**Exercise brief**.
Ignoring the images, restate the records below word for word.

===== Entries supplied

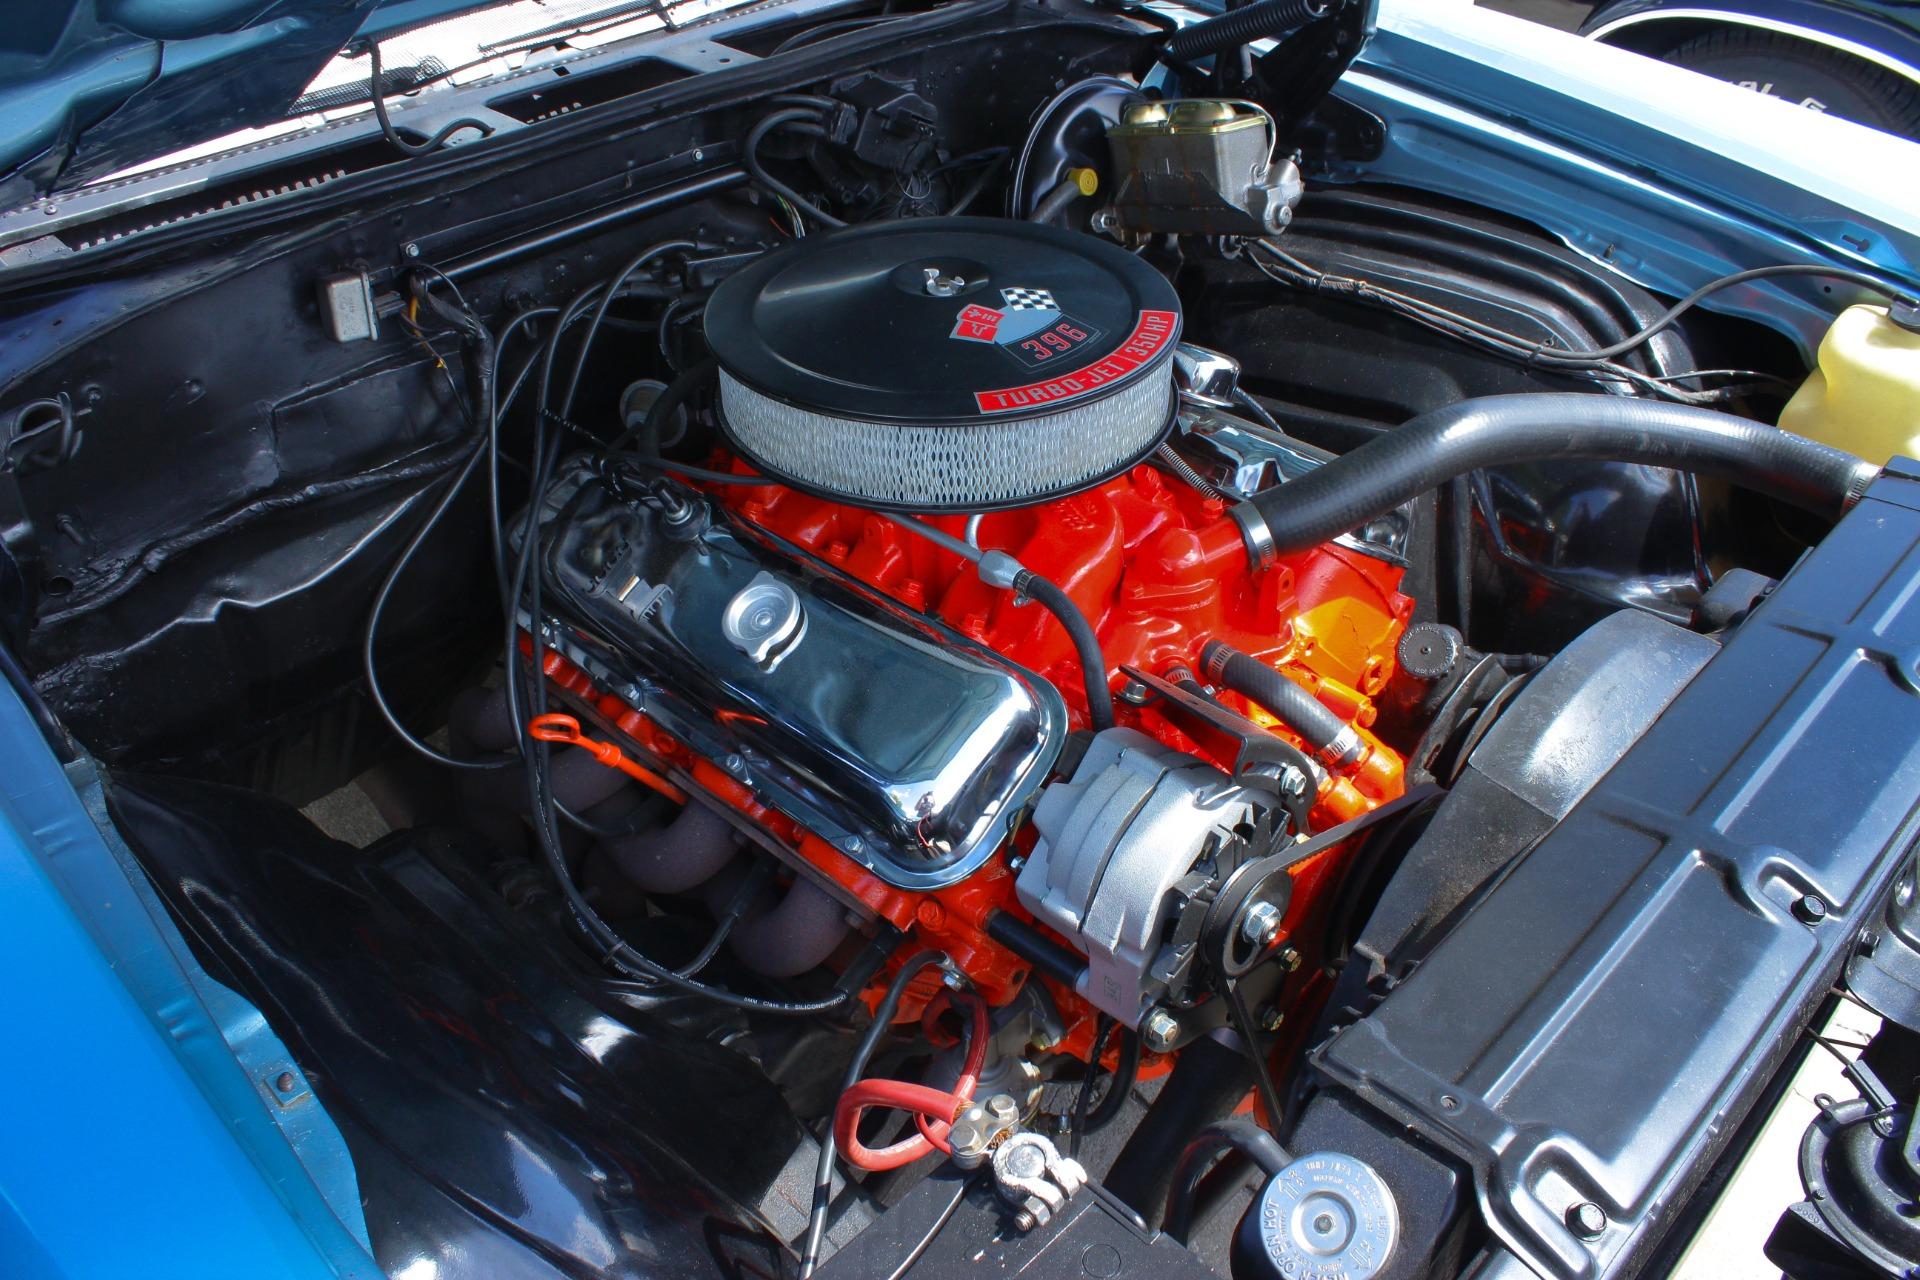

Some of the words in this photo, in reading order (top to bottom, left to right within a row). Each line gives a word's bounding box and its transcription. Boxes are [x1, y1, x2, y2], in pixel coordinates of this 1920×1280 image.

[996, 360, 1125, 407] TURBO-JET
[1124, 332, 1161, 357] 350
[1148, 315, 1169, 332] HP
[1021, 323, 1087, 361] 396
[794, 1002, 825, 1010] SILICONE
[1263, 1198, 1280, 1230] HOT
[1266, 1234, 1296, 1273] OPEN
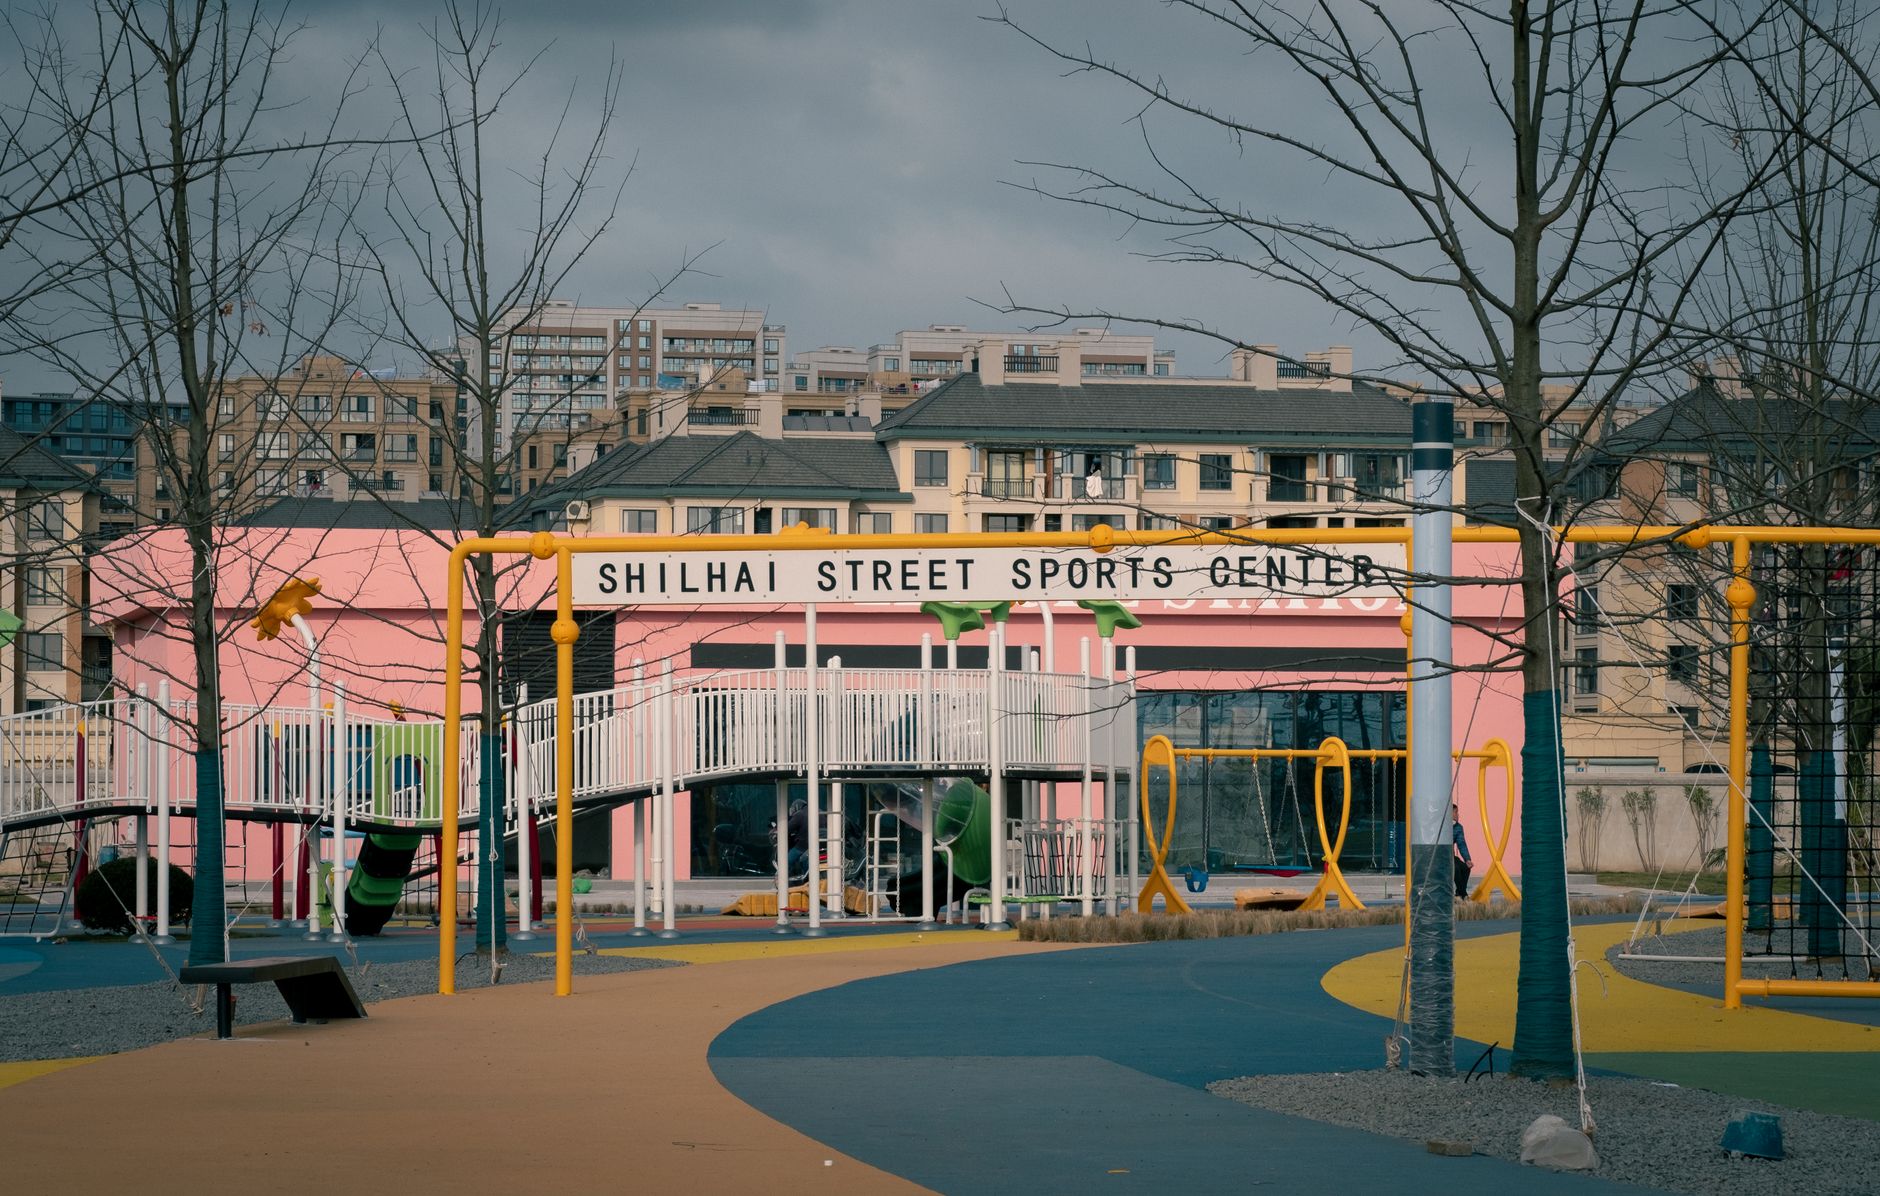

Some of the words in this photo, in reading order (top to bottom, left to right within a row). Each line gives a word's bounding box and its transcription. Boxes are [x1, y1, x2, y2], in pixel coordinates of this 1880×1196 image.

[599, 562, 775, 593] SHILHAI
[818, 560, 974, 591] STREET
[1012, 556, 1173, 589] SPORTS
[1210, 554, 1374, 588] CENTER

==========

**Response area**.
Some of the words in this photo, in reading order (top to bottom, left to right within a row). Each line gives a word's bounding box and its transcription. Boxes are [x1, y1, x2, y2], in pixel coordinates of this 1920×1280 image.

[996, 360, 1125, 407] TURBO-JET
[1124, 332, 1161, 357] 350
[1148, 315, 1169, 332] HP
[1021, 323, 1087, 361] 396
[794, 1002, 825, 1010] SILICONE
[1263, 1198, 1280, 1230] HOT
[1266, 1234, 1296, 1273] OPEN

Some of the words in this photo, in reading order (top to bottom, left to right within a row). Each line gives a word's bounding box and its transcription. Boxes are [x1, y1, x2, y2], in pixel coordinates of this 1880×1196 image.

[599, 562, 775, 593] SHILHAI
[818, 560, 974, 591] STREET
[1012, 556, 1173, 589] SPORTS
[1210, 554, 1374, 588] CENTER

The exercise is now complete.